The Leadership Statement
This statement of intent takes as its starting point the responsibility of the Civil Service for the effective delivery of the Government’s programme and Ministers’ priorities, living its values and serving the public. It then highlights the 3 key characteristics that you have indicated you expect from effective leaders, and that Civil Service leaders promise to live up to. They will be:
- inspiring - about their work and its future
- confident - in their engagement
- empowering - their teams to deliver
Why is this statement more than the sum of its parts?
In drafting this statement, we have listened to what you are saying needs to change. We expect leaders at all levels to hold the Leadership Statement up as a mirror to their own behaviours in a challenging and constructive way, and to be honest about where they are falling short and take appropriate action to address it. They will be given the support, tools and training they need to do so.
But we are going further than this.
We expect you to follow closely how the statement translates into real and observable behaviour change in your leaders. So, meeting the substance behind the spirit of the headline themes will be embedded in the performance agreements and objectives of all leaders.
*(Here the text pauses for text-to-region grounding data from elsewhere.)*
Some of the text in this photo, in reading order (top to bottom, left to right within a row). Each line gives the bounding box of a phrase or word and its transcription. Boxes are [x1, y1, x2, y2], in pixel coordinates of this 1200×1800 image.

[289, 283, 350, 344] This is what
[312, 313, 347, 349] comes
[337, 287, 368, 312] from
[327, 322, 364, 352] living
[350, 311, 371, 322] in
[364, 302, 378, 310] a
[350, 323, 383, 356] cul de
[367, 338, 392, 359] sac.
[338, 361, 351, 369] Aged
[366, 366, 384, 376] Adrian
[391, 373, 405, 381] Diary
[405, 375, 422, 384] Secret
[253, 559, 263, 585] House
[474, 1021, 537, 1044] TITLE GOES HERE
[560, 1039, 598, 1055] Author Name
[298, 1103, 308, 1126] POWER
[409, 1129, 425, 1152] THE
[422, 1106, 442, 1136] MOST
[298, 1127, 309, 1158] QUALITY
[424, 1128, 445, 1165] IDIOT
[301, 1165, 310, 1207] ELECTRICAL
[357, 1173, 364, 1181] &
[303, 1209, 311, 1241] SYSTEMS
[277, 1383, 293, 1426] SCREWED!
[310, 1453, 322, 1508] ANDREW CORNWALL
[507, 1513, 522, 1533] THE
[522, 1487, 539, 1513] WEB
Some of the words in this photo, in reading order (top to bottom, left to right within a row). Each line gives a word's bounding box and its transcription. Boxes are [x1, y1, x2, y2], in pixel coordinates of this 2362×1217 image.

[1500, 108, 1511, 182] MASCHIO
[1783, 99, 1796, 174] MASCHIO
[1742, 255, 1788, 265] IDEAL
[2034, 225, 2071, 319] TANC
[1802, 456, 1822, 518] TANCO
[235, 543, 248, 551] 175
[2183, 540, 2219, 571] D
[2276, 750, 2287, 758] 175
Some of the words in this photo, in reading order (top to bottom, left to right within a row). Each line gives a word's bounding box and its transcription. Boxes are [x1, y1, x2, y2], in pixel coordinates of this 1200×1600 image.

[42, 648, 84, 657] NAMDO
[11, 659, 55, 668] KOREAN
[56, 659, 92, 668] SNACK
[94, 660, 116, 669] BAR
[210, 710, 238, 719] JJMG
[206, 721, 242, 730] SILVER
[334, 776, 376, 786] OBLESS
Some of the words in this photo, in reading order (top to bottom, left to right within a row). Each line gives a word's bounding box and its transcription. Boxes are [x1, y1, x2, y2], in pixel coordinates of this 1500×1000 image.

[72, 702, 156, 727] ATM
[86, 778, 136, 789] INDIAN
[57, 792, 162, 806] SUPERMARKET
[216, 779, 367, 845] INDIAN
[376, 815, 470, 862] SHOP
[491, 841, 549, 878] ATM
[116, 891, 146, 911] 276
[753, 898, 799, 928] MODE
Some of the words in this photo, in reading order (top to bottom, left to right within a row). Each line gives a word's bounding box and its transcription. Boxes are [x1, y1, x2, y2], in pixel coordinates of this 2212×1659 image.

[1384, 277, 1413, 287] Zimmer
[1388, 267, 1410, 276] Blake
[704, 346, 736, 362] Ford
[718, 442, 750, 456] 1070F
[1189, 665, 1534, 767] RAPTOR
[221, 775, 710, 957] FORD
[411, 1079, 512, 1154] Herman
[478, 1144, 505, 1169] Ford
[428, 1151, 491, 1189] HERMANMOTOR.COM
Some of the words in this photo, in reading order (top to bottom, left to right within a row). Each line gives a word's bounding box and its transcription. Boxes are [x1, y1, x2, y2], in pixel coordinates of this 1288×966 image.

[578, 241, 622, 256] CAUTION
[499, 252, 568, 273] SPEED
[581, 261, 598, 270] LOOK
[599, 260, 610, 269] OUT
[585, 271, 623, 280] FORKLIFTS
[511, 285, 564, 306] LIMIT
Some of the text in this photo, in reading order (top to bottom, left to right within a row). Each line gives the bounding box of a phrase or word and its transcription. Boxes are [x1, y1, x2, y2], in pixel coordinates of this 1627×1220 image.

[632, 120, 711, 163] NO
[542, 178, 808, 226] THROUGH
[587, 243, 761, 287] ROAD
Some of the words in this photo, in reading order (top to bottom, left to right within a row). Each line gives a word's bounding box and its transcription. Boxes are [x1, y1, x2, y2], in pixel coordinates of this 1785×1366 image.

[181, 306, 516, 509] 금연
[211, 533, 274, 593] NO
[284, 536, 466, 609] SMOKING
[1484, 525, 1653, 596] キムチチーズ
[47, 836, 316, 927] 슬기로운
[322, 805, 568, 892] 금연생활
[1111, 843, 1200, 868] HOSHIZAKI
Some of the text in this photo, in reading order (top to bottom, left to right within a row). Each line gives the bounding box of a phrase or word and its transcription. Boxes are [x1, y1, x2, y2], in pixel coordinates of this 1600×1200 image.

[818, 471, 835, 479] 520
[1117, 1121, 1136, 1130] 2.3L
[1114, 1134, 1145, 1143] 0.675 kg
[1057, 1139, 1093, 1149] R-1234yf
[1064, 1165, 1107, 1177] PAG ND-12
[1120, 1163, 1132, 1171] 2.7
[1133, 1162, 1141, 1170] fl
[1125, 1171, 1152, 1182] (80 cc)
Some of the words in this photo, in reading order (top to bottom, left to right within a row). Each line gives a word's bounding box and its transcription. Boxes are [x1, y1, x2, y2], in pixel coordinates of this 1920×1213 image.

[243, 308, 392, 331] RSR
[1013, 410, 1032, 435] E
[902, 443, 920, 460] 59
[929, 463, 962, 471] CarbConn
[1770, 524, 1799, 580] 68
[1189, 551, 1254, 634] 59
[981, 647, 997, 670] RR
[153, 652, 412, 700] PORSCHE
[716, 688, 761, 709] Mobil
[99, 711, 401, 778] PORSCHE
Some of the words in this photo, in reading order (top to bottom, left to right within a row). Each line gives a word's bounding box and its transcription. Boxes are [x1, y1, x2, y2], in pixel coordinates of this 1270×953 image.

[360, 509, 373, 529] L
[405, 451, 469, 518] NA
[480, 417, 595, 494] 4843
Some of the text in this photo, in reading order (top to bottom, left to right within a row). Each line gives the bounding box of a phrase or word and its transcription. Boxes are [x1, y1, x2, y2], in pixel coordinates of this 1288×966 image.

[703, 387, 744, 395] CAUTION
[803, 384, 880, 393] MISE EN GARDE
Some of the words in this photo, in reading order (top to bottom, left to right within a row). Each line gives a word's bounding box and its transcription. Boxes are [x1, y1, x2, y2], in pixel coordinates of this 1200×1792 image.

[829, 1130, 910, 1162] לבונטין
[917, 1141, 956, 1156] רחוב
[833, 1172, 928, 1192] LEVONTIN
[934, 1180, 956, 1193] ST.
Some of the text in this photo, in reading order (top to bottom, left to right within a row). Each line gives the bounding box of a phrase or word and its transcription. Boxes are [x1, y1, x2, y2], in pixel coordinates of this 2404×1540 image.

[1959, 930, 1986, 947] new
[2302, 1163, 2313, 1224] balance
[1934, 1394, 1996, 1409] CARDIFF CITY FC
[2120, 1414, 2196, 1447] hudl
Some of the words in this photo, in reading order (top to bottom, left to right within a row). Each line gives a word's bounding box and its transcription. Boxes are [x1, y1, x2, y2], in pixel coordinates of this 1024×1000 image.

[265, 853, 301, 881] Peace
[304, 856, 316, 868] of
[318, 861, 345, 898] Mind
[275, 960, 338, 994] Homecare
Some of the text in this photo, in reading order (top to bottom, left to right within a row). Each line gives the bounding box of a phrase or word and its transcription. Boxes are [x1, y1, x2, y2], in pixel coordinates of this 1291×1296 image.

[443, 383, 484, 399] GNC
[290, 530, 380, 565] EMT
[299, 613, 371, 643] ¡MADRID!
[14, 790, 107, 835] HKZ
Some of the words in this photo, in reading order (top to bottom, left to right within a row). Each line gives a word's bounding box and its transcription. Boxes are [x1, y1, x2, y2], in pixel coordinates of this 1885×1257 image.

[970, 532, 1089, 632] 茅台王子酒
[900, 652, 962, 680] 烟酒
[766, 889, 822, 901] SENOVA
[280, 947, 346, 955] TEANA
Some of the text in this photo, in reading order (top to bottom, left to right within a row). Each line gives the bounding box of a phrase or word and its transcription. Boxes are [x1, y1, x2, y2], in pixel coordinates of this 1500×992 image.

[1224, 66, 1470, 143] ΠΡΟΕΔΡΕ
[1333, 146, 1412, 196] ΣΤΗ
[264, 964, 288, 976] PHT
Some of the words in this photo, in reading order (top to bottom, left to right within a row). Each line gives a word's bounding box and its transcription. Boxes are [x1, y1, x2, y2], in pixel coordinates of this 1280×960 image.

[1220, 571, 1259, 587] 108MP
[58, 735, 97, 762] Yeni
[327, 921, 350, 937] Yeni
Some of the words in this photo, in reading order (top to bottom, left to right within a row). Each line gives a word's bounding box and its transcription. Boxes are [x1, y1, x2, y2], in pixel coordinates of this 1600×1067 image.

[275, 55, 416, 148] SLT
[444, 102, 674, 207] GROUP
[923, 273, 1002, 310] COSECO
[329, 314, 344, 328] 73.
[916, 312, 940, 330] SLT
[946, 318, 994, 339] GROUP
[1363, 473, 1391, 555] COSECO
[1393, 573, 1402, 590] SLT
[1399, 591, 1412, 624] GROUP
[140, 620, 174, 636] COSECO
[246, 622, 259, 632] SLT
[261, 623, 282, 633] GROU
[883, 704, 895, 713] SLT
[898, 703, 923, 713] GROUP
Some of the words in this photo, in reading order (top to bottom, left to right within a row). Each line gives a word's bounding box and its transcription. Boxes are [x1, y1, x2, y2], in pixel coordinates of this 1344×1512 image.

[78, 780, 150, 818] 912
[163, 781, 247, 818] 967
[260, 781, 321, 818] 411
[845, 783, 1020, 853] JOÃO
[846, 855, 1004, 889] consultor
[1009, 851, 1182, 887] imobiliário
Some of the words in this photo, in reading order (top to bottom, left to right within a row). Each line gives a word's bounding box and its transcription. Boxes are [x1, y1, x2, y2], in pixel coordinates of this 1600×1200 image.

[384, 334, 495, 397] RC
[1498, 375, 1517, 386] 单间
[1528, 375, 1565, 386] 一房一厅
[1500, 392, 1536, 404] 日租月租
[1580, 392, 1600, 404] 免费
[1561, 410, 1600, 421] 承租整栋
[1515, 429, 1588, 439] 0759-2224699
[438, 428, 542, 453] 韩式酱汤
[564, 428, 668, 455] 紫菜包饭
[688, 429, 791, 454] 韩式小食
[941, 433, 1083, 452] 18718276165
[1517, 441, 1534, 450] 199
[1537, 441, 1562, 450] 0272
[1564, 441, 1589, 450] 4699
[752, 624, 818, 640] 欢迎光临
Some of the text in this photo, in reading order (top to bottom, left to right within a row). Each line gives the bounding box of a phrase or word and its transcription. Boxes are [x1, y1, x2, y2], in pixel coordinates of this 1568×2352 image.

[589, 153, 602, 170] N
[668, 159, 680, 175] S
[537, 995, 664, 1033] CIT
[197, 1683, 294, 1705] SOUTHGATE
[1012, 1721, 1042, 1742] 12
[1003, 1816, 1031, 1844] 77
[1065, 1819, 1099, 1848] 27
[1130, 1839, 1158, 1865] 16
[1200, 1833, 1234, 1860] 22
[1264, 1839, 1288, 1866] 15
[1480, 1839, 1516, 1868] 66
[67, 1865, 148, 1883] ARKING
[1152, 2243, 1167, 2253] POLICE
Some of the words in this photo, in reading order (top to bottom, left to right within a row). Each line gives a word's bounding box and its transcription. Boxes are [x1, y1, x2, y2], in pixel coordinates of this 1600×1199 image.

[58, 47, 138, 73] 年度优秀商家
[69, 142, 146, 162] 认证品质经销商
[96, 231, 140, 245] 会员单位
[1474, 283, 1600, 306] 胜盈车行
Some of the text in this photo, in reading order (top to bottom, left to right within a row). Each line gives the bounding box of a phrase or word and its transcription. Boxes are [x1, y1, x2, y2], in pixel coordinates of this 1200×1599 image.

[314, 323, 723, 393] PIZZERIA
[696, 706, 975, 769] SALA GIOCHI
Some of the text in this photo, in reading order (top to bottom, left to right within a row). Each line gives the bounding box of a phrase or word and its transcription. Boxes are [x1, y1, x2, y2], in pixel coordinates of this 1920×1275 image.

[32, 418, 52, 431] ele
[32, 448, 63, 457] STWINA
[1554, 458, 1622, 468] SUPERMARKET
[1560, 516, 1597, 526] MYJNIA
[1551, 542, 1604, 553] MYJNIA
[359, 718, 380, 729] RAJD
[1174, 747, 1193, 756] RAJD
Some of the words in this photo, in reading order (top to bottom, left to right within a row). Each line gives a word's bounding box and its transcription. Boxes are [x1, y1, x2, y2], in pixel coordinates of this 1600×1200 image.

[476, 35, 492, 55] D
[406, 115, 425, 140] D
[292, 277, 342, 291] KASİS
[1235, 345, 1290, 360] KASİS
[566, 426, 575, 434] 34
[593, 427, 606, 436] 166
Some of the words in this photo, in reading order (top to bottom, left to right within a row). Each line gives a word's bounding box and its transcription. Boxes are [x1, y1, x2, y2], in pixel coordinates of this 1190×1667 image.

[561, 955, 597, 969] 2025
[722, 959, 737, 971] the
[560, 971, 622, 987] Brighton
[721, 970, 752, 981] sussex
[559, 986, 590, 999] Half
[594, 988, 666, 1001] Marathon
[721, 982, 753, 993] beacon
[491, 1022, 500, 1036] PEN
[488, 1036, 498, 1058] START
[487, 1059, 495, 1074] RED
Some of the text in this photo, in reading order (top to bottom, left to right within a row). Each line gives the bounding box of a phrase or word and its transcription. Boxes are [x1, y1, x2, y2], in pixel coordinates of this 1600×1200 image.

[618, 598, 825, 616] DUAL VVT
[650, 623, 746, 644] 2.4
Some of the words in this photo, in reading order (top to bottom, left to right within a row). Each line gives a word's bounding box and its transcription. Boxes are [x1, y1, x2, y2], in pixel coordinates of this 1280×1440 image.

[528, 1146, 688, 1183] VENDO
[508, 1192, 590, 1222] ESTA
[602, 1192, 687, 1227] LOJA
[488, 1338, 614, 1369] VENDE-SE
Further still, the Statement will be supported by a new 360-degree reporting mechanism. For the first time, staff will have the opportunity to assess their leaders and measure their performance against the values set out in the Leadership Statement. Initially, this will apply to the 150 or so leaders in the Senior Leadership Group, but for the 2015/16 appraisal year the entire SCS community will be assessed against a single, robust 360-degree feedback tool, aligned to the Leadership Statement.
The impact of the statement will also be continuously monitored, including through hard data - how it is reflected in recruitment, promotion and talent management practices, for example - and feedback from civil servants through our regular surveys and communications channels. We want you to see that progress and reward will be dependent on showing the leadership behaviours expected.
Lined up behind the Leadership Statement are the critical elements for developing the Civil Service - increased capability in key areas, smarter working, greater transparency, a truly diverse workforce and talent that is properly harnessed and given the opportunity to shine, wherever we find it. Better leaders will make for a more capable, collaborative, confident, efficient and fulfilled Civil Service, delivering better public services.
If you want to know more about the Leadership Statement, what it means for you and your managers, and how it will be implemented, Civil Service leaders will be talking about different aspects of the Statement in the coming weeks, and a series of events and communications will be run within departments.